*** Recorded data ***

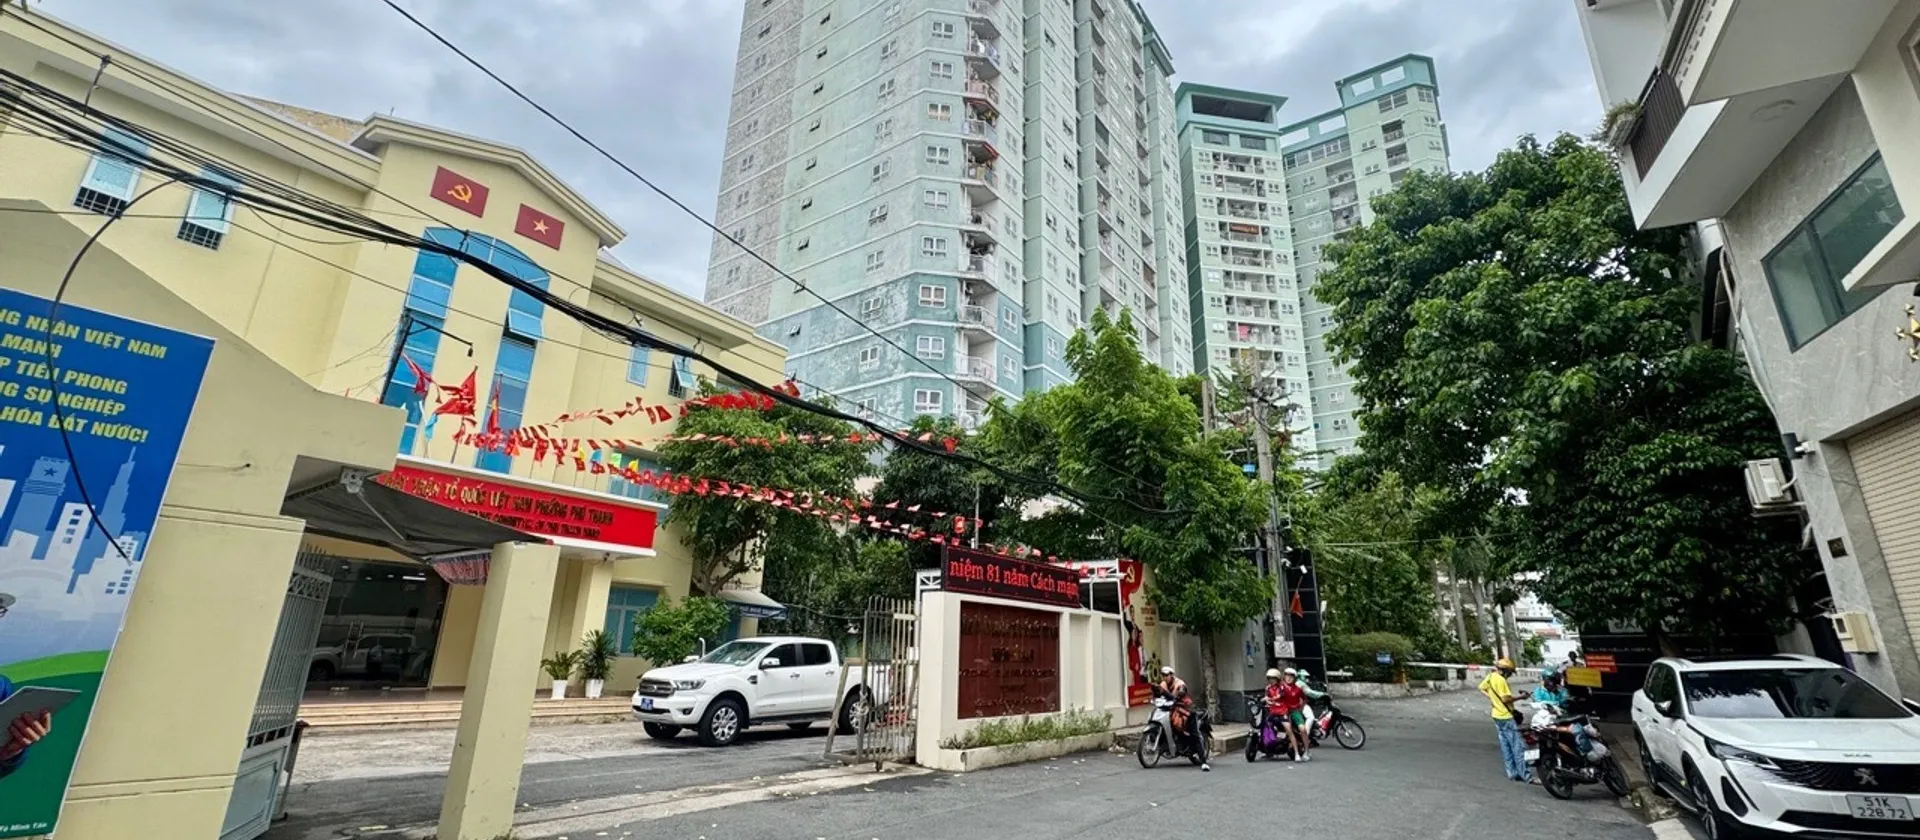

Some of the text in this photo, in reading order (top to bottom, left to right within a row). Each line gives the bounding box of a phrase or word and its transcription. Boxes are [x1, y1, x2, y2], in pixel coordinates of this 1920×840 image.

[1, 333, 63, 358] MẠNH
[25, 314, 80, 339] NHÂN
[84, 328, 125, 349] VIỆT
[127, 339, 167, 359] NAM
[63, 369, 128, 394] PHONG
[57, 391, 126, 416] NGHIỆP
[0, 406, 43, 426] HÓA
[90, 420, 149, 443] NƯỚC!
[949, 558, 984, 582] niệm
[986, 563, 1001, 583] 81
[1003, 568, 1029, 588] năm
[1030, 571, 1055, 593] Cách
[1864, 796, 1892, 808] 51K

*** End of Recorded data ***

What is expected — Would you please repeat all the data word for word, but without the pictures?

Task response —
Some of the text in this photo, in reading order (top to bottom, left to right within a row). Each line gives the bounding box of a phrase or word and its transcription. Boxes are [x1, y1, x2, y2], in pixel coordinates of this 1920×840 image.

[1, 333, 63, 358] MẠNH
[25, 314, 80, 339] NHÂN
[84, 328, 125, 349] VIỆT
[127, 339, 167, 359] NAM
[63, 369, 128, 394] PHONG
[57, 391, 126, 416] NGHIỆP
[0, 406, 43, 426] HÓA
[90, 420, 149, 443] NƯỚC!
[949, 558, 984, 582] niệm
[986, 563, 1001, 583] 81
[1003, 568, 1029, 588] năm
[1030, 571, 1055, 593] Cách
[1864, 796, 1892, 808] 51K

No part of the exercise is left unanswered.